Acórdão do Supremo Tribunal de Justiça
Processo:
087412
Nº Convencional: JSTJ00028509
Relator: SANTOS MONTEIRO
Descritores: ARRENDAMENTO PARA COMÉRCIO OU INDÚSTRIA
FALTA DE FORMA LEGAL
ABUSO DE DIREITO
NULIDADE
LOCATÁRIO
Nº do Documento: SJ199511220874121
Data do Acordão: 11/22/1995
Votação: UNANIMIDADE
Tribunal Recurso: T REL LISBOA
Processo no Tribunal Recurso: 7530/94
Data: 02/02/1995
Texto Integral: N
Privacidade: 1
Meio Processual: REVISTA.
Decisão: NEGADA A REVISTA.
Indicações Eventuais: P LIMA E A VARELA IN CCIV ANOTADO VOLI PAG296 3ED PAG54.
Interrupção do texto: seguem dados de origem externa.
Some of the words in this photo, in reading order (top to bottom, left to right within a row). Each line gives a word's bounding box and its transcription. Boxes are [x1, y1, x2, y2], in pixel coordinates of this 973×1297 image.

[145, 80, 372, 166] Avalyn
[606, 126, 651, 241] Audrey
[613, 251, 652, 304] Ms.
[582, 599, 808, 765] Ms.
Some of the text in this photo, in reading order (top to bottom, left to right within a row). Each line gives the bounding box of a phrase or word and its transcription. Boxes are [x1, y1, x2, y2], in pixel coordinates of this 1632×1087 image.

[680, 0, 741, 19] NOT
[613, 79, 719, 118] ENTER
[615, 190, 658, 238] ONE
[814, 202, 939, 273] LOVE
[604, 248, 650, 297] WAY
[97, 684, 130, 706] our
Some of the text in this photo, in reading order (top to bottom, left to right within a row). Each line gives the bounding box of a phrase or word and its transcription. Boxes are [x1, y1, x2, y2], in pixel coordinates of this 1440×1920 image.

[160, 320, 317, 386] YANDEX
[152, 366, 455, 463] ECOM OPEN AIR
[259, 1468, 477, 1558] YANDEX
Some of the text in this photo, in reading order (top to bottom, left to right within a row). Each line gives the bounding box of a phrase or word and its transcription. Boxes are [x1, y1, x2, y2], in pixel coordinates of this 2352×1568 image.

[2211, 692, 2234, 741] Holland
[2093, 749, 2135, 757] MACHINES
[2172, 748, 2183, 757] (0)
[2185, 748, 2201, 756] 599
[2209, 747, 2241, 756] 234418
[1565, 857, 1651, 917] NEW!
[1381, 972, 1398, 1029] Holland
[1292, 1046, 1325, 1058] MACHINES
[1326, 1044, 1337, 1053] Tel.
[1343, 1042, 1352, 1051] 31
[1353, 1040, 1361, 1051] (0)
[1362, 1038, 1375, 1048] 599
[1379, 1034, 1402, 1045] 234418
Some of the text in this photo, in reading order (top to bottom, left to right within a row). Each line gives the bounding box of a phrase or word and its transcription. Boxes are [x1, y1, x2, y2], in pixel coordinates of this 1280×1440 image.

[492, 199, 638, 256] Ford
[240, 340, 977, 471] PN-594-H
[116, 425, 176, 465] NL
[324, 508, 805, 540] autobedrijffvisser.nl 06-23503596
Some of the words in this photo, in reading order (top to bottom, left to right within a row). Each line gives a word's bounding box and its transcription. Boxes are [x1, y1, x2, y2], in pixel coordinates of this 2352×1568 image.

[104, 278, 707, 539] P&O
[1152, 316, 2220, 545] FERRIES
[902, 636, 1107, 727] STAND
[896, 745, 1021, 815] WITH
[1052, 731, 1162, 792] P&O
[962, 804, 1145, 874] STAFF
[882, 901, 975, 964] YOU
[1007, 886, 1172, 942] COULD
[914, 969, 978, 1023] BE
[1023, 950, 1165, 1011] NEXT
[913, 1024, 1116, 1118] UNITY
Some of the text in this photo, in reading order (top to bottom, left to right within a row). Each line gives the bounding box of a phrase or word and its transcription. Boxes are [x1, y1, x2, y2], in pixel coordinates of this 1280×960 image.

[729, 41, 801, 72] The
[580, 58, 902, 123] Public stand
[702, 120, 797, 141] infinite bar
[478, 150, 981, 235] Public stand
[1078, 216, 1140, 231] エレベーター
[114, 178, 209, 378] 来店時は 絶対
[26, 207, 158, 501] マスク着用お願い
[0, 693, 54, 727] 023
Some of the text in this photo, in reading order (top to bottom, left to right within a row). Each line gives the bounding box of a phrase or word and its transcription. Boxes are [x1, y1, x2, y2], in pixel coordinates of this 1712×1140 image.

Área Temática: DIR CIV - DIR CONTRAT / TEORIA GERAL.
DIR PROC CIV - PROC ESP.
Legislação Nacional:
Sumário : I - O direito conferido ao locatário pela alínea b) do n. 1 do artigo 1029 do Código Civil não é absoluto, nomeadamente em sede de abuso de direito, quando o seu titular exceda manifestamente os limites referidos no artigo 334 do Código Civil.
II - Tratando-se de uma chamada "nulidade mista", porque só é invocável por uma das partes - o locatário -, o contrato manter-se-á válido, se, entretanto, ele não a invocar.
III - O nosso Código Civil adoptou a concepção objectiva do abuso de direito.
IV - Se o contrato de arrendamento se manteve até ser denunciado pelo réu locatário invocando a falta de forma legal, este dado objectivo não é só por si suficiente para caracterizar o abuso de direito na conduta do réu, ao denunciar o contrato.
V - Se o contrato de arrendamento é nulo por falta de forma, não é o locatário obrigado a pagar as rendas para além da devida até um mês depois de ter denunciado o contrato por falta de forma.